@pra Nice analysis!
Below is how the reworked CC3000 code handles the issues:
Send Side:May cause more then one TCP packet or not depending on the TI policy for holding a packet before sending.
Receive Side, the driver has a SPARK_ASSERT(data_to_recv <= arraySize(wlan_rx_buffer)); that will panic (send SOS on red LED then AssertionFailure ( 10 blinks) code ) if it ever happens. Never seen one
Endless Loops in CC3000_Spi
There were all kinds of wrong edge detection and races.
All this has been reworked to support the TI IRQ requirements. With read request preemption on a host write. The race to the cc3000 with an unsolicited event v. a Host write. Once the driver is in the idle state, Writes are committed with an atomic CS assertion.
Potential Endless Loop in Evnt_handler
New driver has a timeout mechanism on the even handler. With return to the application with failure codes as per the socket.h API (alal BSD sockets API well almost ;( )

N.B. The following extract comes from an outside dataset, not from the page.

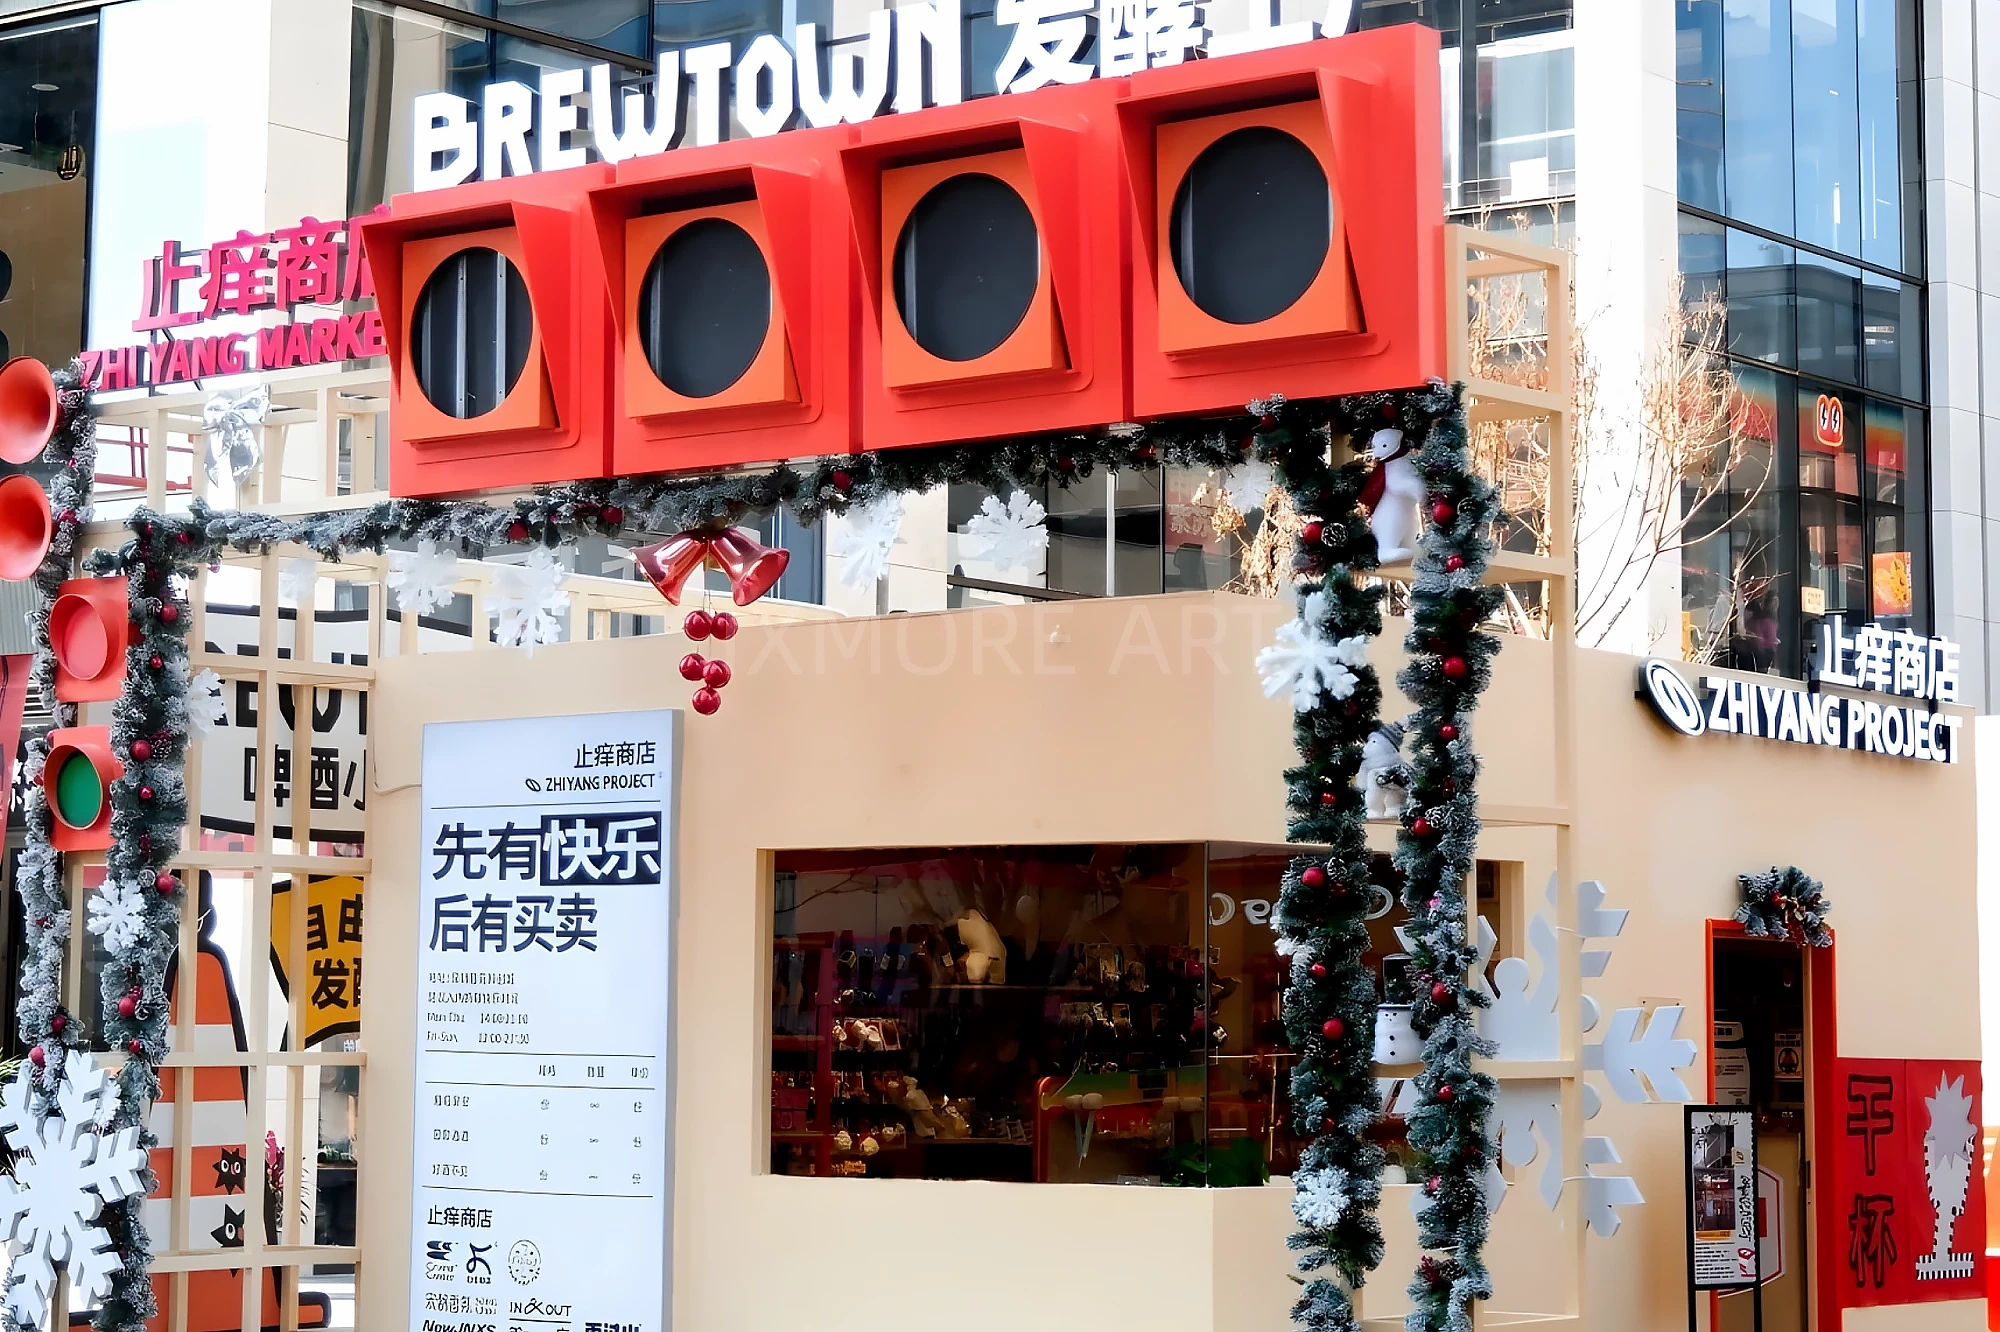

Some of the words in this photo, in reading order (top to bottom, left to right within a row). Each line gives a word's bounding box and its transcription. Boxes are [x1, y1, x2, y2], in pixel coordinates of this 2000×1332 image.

Probable Missed Interrupts
This has been reworked. The DMA is streamlined. The WIF_INT assertion schedules the DMA. On completion of the DMA the buffer is dropped off for consumption by the unsolicited event handler with only the WIF_INT masked. If the unsolicited event handler consume the packet WIF_INT ints are unmasked (the NVIC will assert a CPU IRQ if there was/are a falling edge on the WIF_INT while masked). If it does not the assumption is it was a solicited IRQ as a result of a write. The code handles that as well. None of the WIF_INT masking is an issue because the CC3000 has no queueing, there can be only one outstanding request at a time.
I have posted a pdf of the issues and fixes reported to spark that i made.